Au moins une échappatoire est esquissée mais n’est pas suivie jusqu’au bout : le refilmage. Ponctuellement, on trouve après des images de grande violence – par exemple de nuit en pleine manifestation devant une porte remarquable – une image du lieu pendant la journée où s’est produite cette violence. Une image en contrepoint, refilmée sur le lieu de l’action qui reproduit plus ou moins le même cadrage et dévoile un envers de l’image : il s’agit d’une rue calme et commerçante, la violence est banale, elle se déroule dans les lieux de la vie quotidienne bien qu’il n’en reste pas de traces. Cette pratique, qui peut s’approcher d’un acte thérapeutique, permettant de revenir sur les lieux du traumatisme ; ou d’un acte juridique, permettant de reconstituer la scène, n’est pas vraiment exploitée par le film. A l’inverse, dans un film comme A nos corps défendants (Ian B ; collectif « désarmons-les » ; 2020) – un film entièrement gratuit et disponible sur youtube – cette démarche de refilmage est poussée au bout, avec des membres des familles de victimes qui nous font revivre la scène acte par acte dans le lieu même des assassinats policiers. Ici, le film par son dispositif, devient thérapeutique et critique alors que dans Un pays qui se tient sage, le refilmage n’est qu’illustratif et passe encore un fois à côté de la nécessite de produire certaines images « qui soignent » par rapport aux images de brutalité, certes essentielles pour servir de preuve juridique, mais qui continuent de distribuer une souffrance via le spectacle de la violence policière impunie et de notre impuissance symbolique.

LA RAISON

Assez débattu des possibles et des manques du film, revenons-en au dispositif central : celui de la distanciation initiale – invités face aux images brutales – qui, quoi qu’on en pense, propose effectivement une certaine mise à distance. Laquelle au juste ? une distance qui s’appuie sur le discours, sur la parole, sur la raison, et c’est peut-être ce qui l’oppose aux propositions que je portais. A la place d’un travail sur les images et leur matérialité, ce sont les invités, non pas spécifiquement leur présence mais plutôt leurs « discours », qui vont permettre de nous mettre à distance de la brutalité de ces images. Le parti pris est le suivant : ces images relatent des vécus douloureux de l’ordre du sensible que la raison peut et doit venir expliquer. Ce texte n’est pas l’espace adéquat pour discuter un tel présupposé, venant des bas-fonds de la philosophie classique et de l’héritage des Lumières – philosophie bourgeoise aujourd’hui en crise parce qu’incapable d’enrayer le désastre (écologique, politique…) – qui prétend que seule la raison permet de comprendre le monde, de résoudre les conflits politiques, de se mettre à distance des sens, qui sont trompeurs, etc. Cependant, même dans ce cadre de pensée rationaliste, le film n’est pas assez radical : le montage inadéquat – rapide, dynamique et recréant un discours avec plusieurs interventions – achève l’unique intérêt – le rempart de la raison contre la barbarie – d’un tel dispositif « démocratique » où chaque invité.e se confronte depuis son rôle social aux images violentes et aux avis d’autres invité.e.s. En recréant un discours avec les fragments de plusieurs et en laissant les images brutales prendre le dessus à l’écran, par leur force de fascination, par leur beauté réelle, elles dominent. Le film et la Raison perdent la bataille : j’ai mal au ventre, la rage me gagne, et je ne suis pas capable d’écouter sereinement les blabla ennuyants des intervenants. Pour réussir, il aurait fallut prendre du recul par rapport au gros plan, laisser tourner pendant les réactions des invité.e.s par rapport aux images, que l’on comprenne la complexité de leurs raisonnements, l’entièreté de leurs discours, que l’on voit à l’œuvre le travail de la raison qui cherche à expliquer, à comprendre, à défendre, qui rentre réellement en relation avec les images.

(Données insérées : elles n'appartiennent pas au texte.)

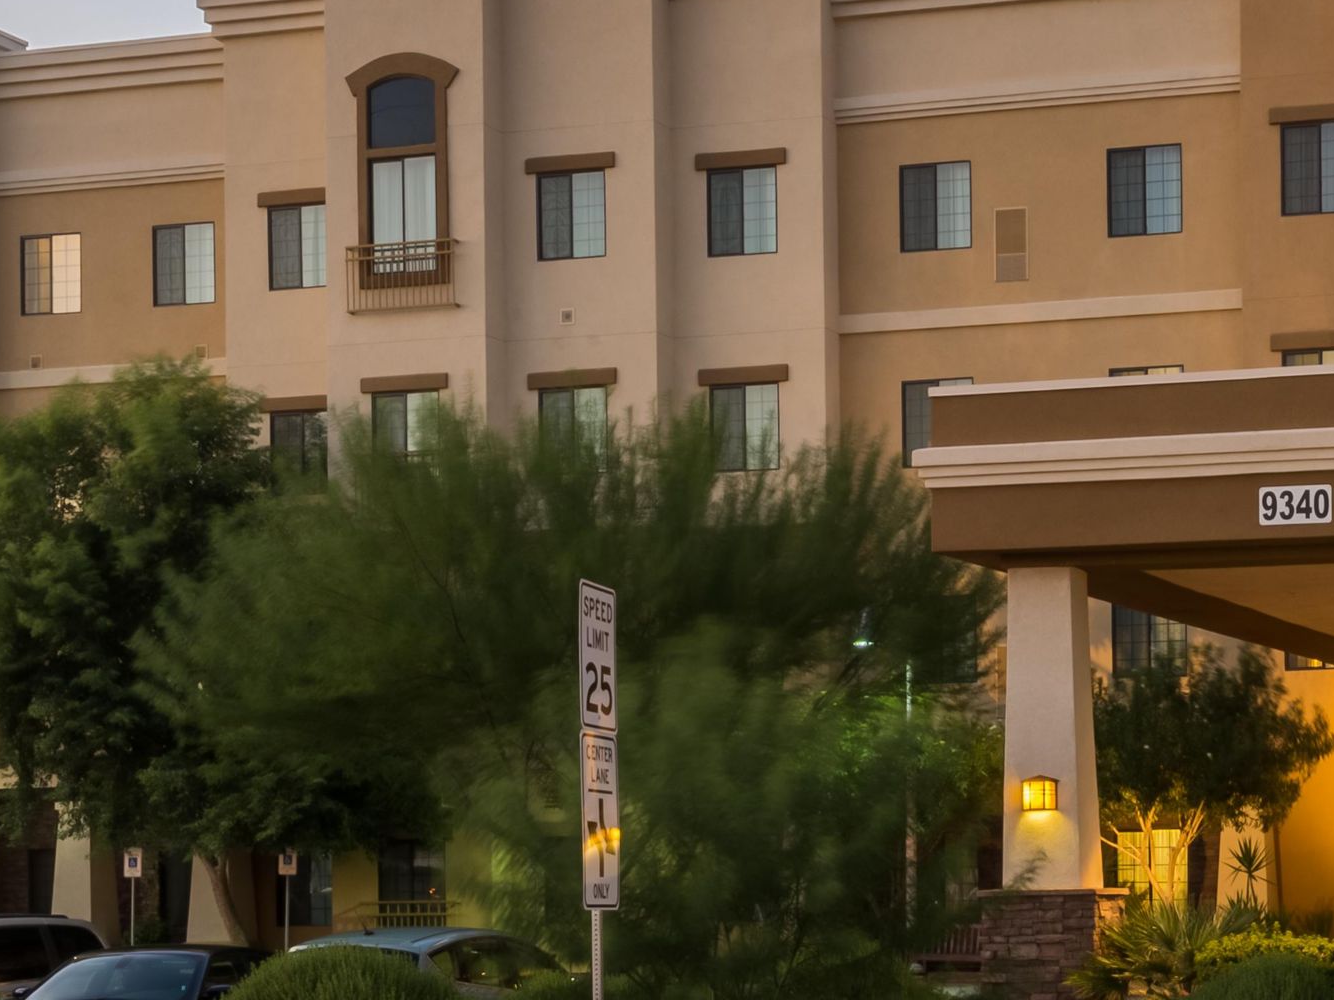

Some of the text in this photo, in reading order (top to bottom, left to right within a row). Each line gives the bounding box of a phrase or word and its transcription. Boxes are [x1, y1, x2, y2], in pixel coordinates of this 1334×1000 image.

[1262, 489, 1329, 520] 9340
[583, 595, 613, 623] SPEED
[586, 626, 610, 652] LIMIT
[585, 661, 613, 715] 25
[586, 744, 613, 763] CENTER
[590, 766, 610, 784] LANE
[593, 883, 610, 899] ONLY
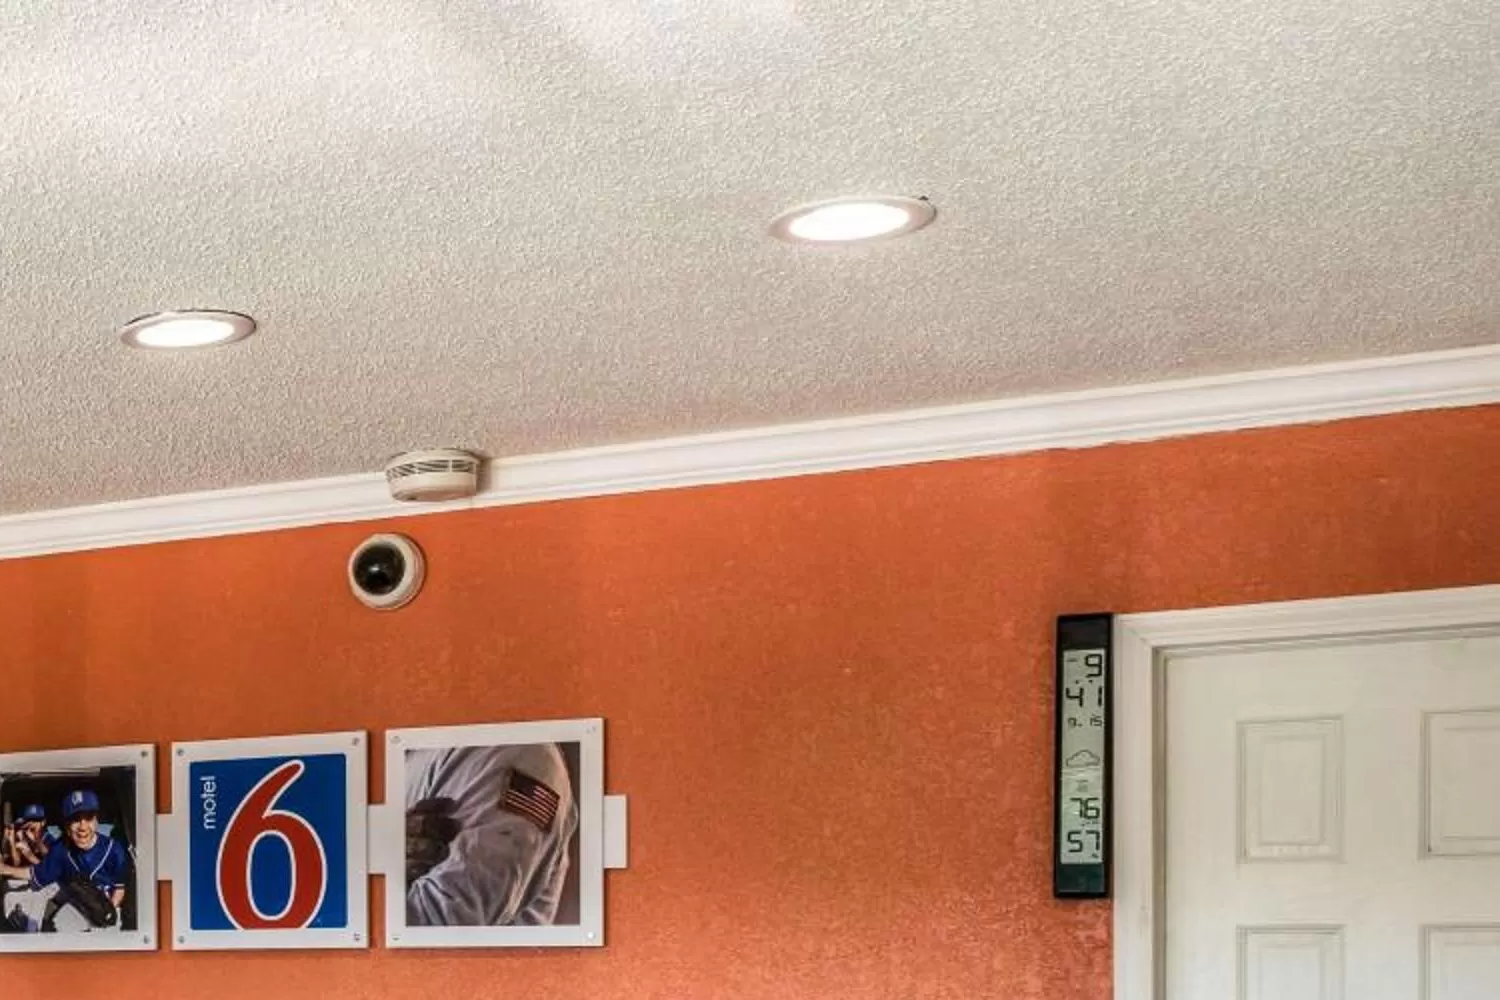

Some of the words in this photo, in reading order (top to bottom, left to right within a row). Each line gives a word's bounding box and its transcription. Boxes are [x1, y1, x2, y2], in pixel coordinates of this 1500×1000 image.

Tout de même, il y a un moment où ça marche : la séquence des motos ; un policier et un intellectuel discutent d’une séquence qu’ils ont regardée ensemble : celle de quelques motards policiers face à la foule sur les champs Elysées un soir de décembre 2018. Le policier délivre un discours idéologique qui vient entourer la brutalité policière d’une légitimité puisée dans la soit disant violence des manifestants ; les deux hommes sont, à l’écran, face à ces images. L’intellectuel regarde l’écran et au fur et à mesure qu’il revoit l’image et qu’il l’analyse, il déroule un « autre récit » qui permet en même temps « un autre regard » sur ces images et montre comment en réalité les manifestants retiennent leur violence. Son discours passe par l’analyse filmique et permet de voir autrement des images que l’on a si bien appris à voir depuis un regard médiatico-policier. Cette séquence rend opérant le dispositif choisi par le réalisateur et pose enfin la question du regard et de la réception ; du rapport entre la vision et la réflexion. Les regards sont tournés vers l’écran – les invités, dans une posture de spectateur, donnent au spectateur la possibilité d’avoir le même rapport « critique » à ces images – les corps sont surplombés par l’écran, par l’image, écrasés par le poids de telles images, un poids que le discours va permettre de porter. Et ici l’intellectuel affronte ces images et c’est peut-être le seul moment où la pensée – et le cinéma comme dispositif particulier de création – affronte ces images de violence.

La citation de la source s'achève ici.